Segment Start: EXCERPTED RECORDS
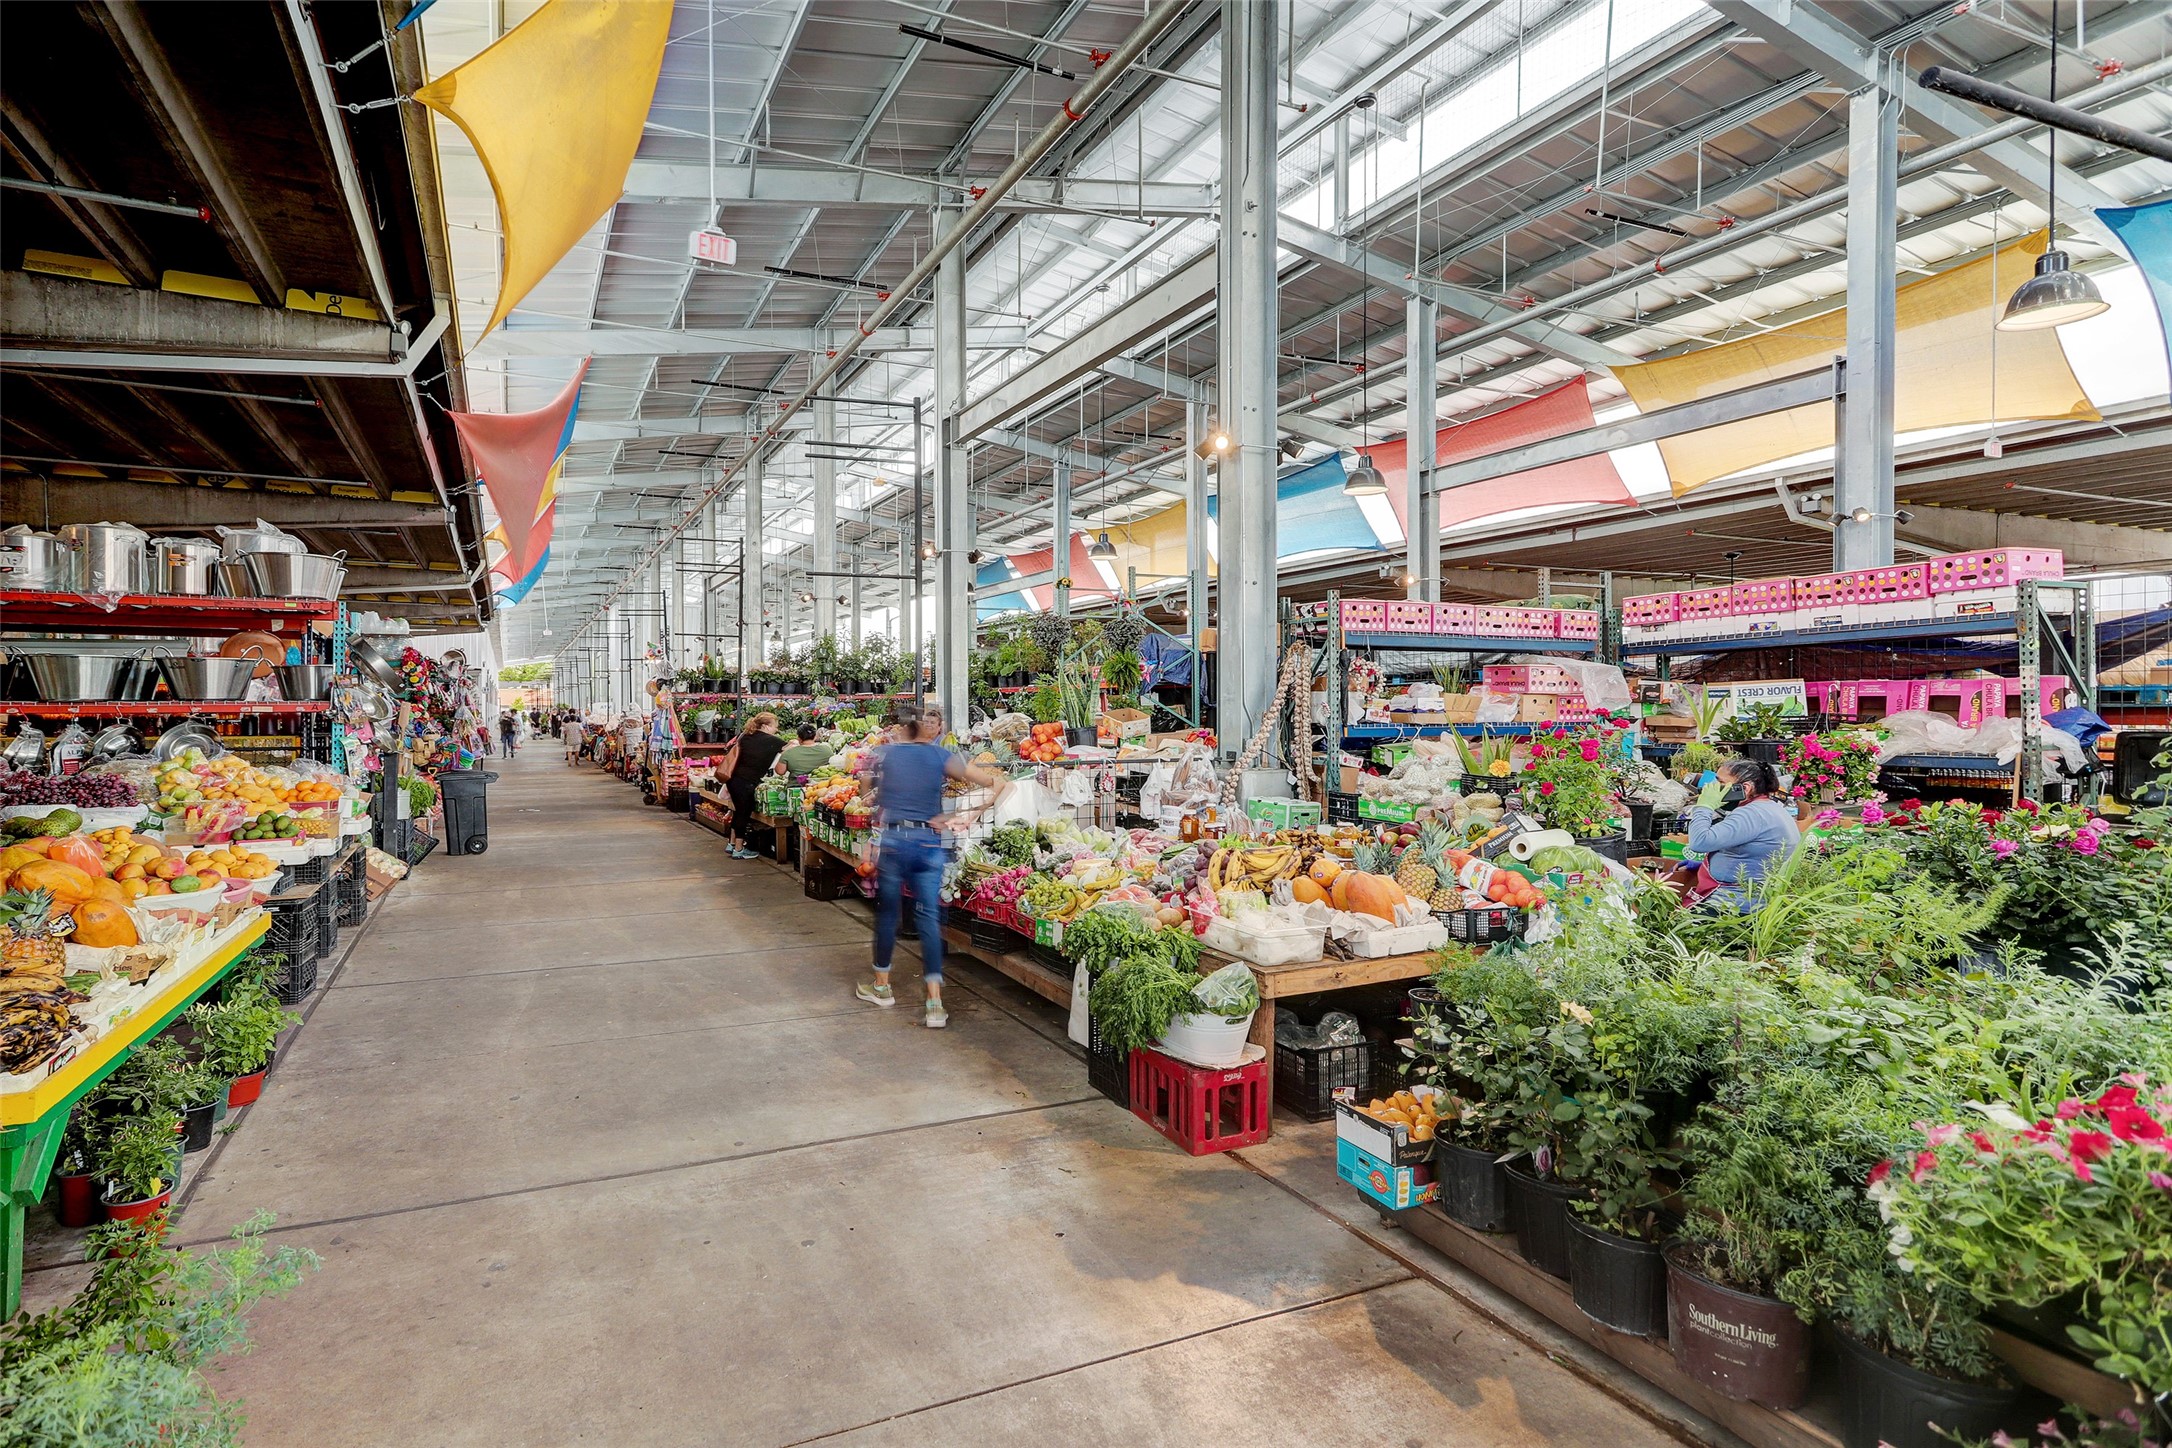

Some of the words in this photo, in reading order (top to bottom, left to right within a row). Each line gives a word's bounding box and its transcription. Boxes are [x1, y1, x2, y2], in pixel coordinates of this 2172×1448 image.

[698, 233, 731, 261] EXIT
[1737, 688, 1765, 698] CREST
[1767, 685, 1802, 696] FLAVOR
[1919, 685, 1927, 709] PAPAYA
[1985, 683, 1993, 706] CHULA
[1993, 683, 2001, 708] PAPAYA
[1487, 831, 1514, 849] PREMIUM
[1688, 1303, 1739, 1337] Southern
[1740, 1323, 1777, 1348] Living
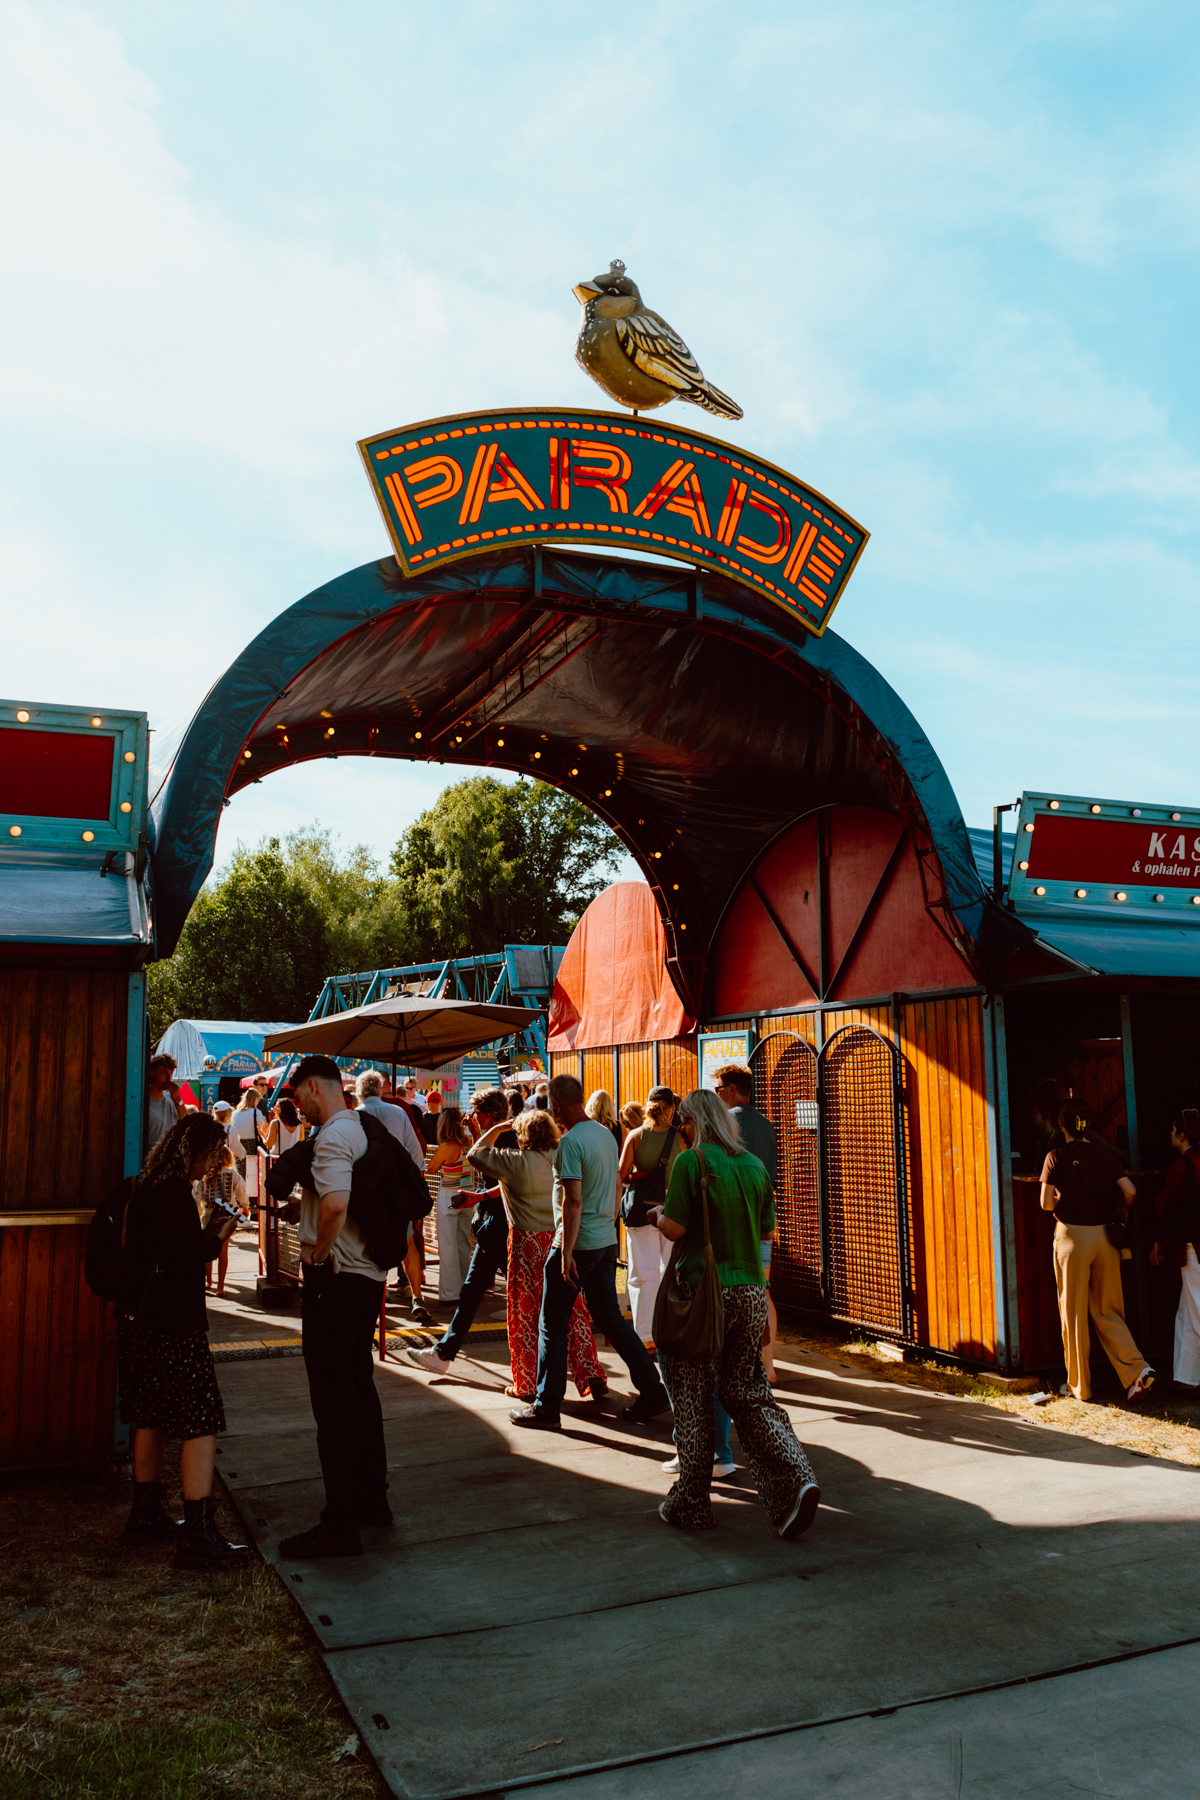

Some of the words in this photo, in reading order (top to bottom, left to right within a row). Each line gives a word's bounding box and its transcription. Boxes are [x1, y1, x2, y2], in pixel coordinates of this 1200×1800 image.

[384, 437, 846, 608] PARADE
[1144, 862, 1190, 876] ophalen
[704, 1040, 746, 1058] PARADE
[228, 1059, 257, 1068] PARADE
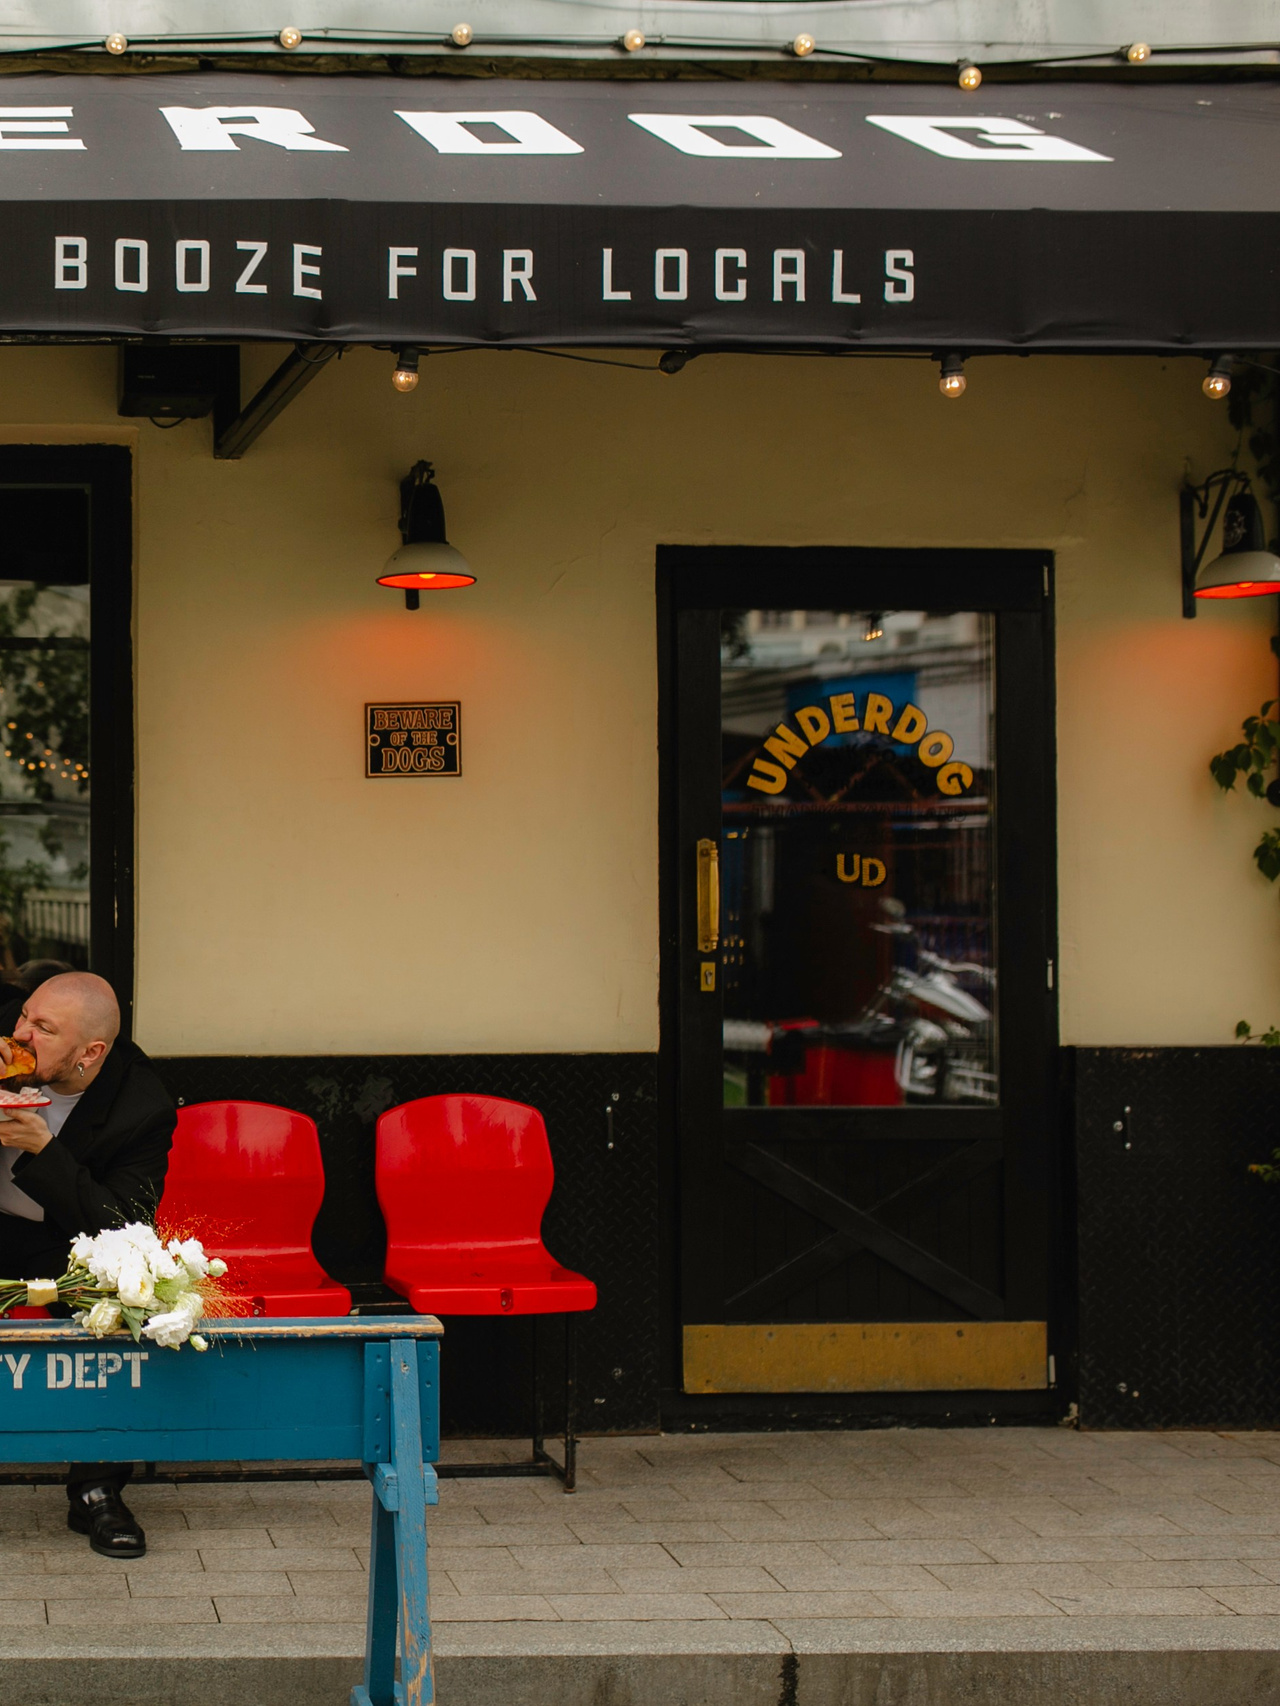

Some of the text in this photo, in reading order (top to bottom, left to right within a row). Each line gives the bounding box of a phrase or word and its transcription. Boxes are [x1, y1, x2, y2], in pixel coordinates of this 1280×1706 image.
Segment End: EXCERPTED RECORDS
▸ TASK BRIEF:
Pictures are to be omitted; otherwise, write out the data exactly as it appears.

▸ WRITTEN SOLUTION:
Some of the words in this photo, in reading order (top to bottom, left to right within a row). Each line gives a word's bounding box and its transcription. Boxes are [x1, y1, x2, y2], in pixel coordinates of this 2172×1448 image.

[698, 233, 731, 261] EXIT
[1737, 688, 1765, 698] CREST
[1767, 685, 1802, 696] FLAVOR
[1919, 685, 1927, 709] PAPAYA
[1985, 683, 1993, 706] CHULA
[1993, 683, 2001, 708] PAPAYA
[1487, 831, 1514, 849] PREMIUM
[1688, 1303, 1739, 1337] Southern
[1740, 1323, 1777, 1348] Living

Some of the words in this photo, in reading order (top to bottom, left to right within a row). Each line gives a word's bounding box and its transcription. Boxes are [x1, y1, x2, y2], in pixel coordinates of this 1200×1800 image.

[384, 437, 846, 608] PARADE
[1144, 862, 1190, 876] ophalen
[704, 1040, 746, 1058] PARADE
[228, 1059, 257, 1068] PARADE

Some of the text in this photo, in reading order (top to bottom, left to right within a row). Each line gives the bounding box of a phrase or word and its transcription. Boxes are [x1, y1, x2, y2], in pixel coordinates of this 1280×1706 image.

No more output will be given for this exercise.